**RECORDED INFORMATION**
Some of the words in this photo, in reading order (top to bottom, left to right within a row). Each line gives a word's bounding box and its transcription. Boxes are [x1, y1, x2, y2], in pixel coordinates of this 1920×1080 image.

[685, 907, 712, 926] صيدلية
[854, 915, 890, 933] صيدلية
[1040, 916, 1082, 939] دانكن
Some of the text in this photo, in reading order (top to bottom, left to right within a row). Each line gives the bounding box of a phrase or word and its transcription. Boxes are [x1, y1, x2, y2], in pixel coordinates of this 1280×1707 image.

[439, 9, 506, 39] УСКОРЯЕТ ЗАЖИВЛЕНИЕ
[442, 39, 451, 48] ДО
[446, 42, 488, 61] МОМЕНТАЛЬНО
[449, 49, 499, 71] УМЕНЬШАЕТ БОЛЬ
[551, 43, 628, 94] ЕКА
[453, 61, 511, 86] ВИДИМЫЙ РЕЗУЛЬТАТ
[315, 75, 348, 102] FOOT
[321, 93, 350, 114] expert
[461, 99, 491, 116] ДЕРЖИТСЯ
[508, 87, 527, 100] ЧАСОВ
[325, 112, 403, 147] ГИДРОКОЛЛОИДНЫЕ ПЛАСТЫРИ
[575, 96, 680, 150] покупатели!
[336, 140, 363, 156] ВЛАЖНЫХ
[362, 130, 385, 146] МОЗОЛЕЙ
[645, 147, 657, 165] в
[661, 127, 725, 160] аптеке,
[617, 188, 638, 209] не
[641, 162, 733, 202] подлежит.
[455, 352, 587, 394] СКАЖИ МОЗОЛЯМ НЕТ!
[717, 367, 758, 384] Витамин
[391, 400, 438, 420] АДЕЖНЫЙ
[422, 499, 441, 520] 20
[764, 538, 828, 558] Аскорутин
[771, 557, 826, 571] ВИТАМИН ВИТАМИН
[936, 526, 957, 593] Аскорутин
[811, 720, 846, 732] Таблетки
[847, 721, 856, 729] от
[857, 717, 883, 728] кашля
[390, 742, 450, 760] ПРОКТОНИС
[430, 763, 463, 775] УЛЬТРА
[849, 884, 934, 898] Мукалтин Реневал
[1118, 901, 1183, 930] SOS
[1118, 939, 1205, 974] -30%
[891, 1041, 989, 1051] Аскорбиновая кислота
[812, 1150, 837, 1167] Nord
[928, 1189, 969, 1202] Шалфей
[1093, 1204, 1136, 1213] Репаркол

**DIRECTIONS**
Each entry must be printed again exactly as given.

**TASK OUTPUT**
Some of the words in this photo, in reading order (top to bottom, left to right within a row). Each line gives a word's bounding box and its transcription. Boxes are [x1, y1, x2, y2], in pixel coordinates of this 1920×1080 image.

[685, 907, 712, 926] صيدلية
[854, 915, 890, 933] صيدلية
[1040, 916, 1082, 939] دانكن
Some of the text in this photo, in reading order (top to bottom, left to right within a row). Each line gives the bounding box of a phrase or word and its transcription. Boxes are [x1, y1, x2, y2], in pixel coordinates of this 1280×1707 image.

[439, 9, 506, 39] УСКОРЯЕТ ЗАЖИВЛЕНИЕ
[442, 39, 451, 48] ДО
[446, 42, 488, 61] МОМЕНТАЛЬНО
[449, 49, 499, 71] УМЕНЬШАЕТ БОЛЬ
[551, 43, 628, 94] ЕКА
[453, 61, 511, 86] ВИДИМЫЙ РЕЗУЛЬТАТ
[315, 75, 348, 102] FOOT
[321, 93, 350, 114] expert
[461, 99, 491, 116] ДЕРЖИТСЯ
[508, 87, 527, 100] ЧАСОВ
[325, 112, 403, 147] ГИДРОКОЛЛОИДНЫЕ ПЛАСТЫРИ
[575, 96, 680, 150] покупатели!
[336, 140, 363, 156] ВЛАЖНЫХ
[362, 130, 385, 146] МОЗОЛЕЙ
[645, 147, 657, 165] в
[661, 127, 725, 160] аптеке,
[617, 188, 638, 209] не
[641, 162, 733, 202] подлежит.
[455, 352, 587, 394] СКАЖИ МОЗОЛЯМ НЕТ!
[717, 367, 758, 384] Витамин
[391, 400, 438, 420] АДЕЖНЫЙ
[422, 499, 441, 520] 20
[764, 538, 828, 558] Аскорутин
[771, 557, 826, 571] ВИТАМИН ВИТАМИН
[936, 526, 957, 593] Аскорутин
[811, 720, 846, 732] Таблетки
[847, 721, 856, 729] от
[857, 717, 883, 728] кашля
[390, 742, 450, 760] ПРОКТОНИС
[430, 763, 463, 775] УЛЬТРА
[849, 884, 934, 898] Мукалтин Реневал
[1118, 901, 1183, 930] SOS
[1118, 939, 1205, 974] -30%
[891, 1041, 989, 1051] Аскорбиновая кислота
[812, 1150, 837, 1167] Nord
[928, 1189, 969, 1202] Шалфей
[1093, 1204, 1136, 1213] Репаркол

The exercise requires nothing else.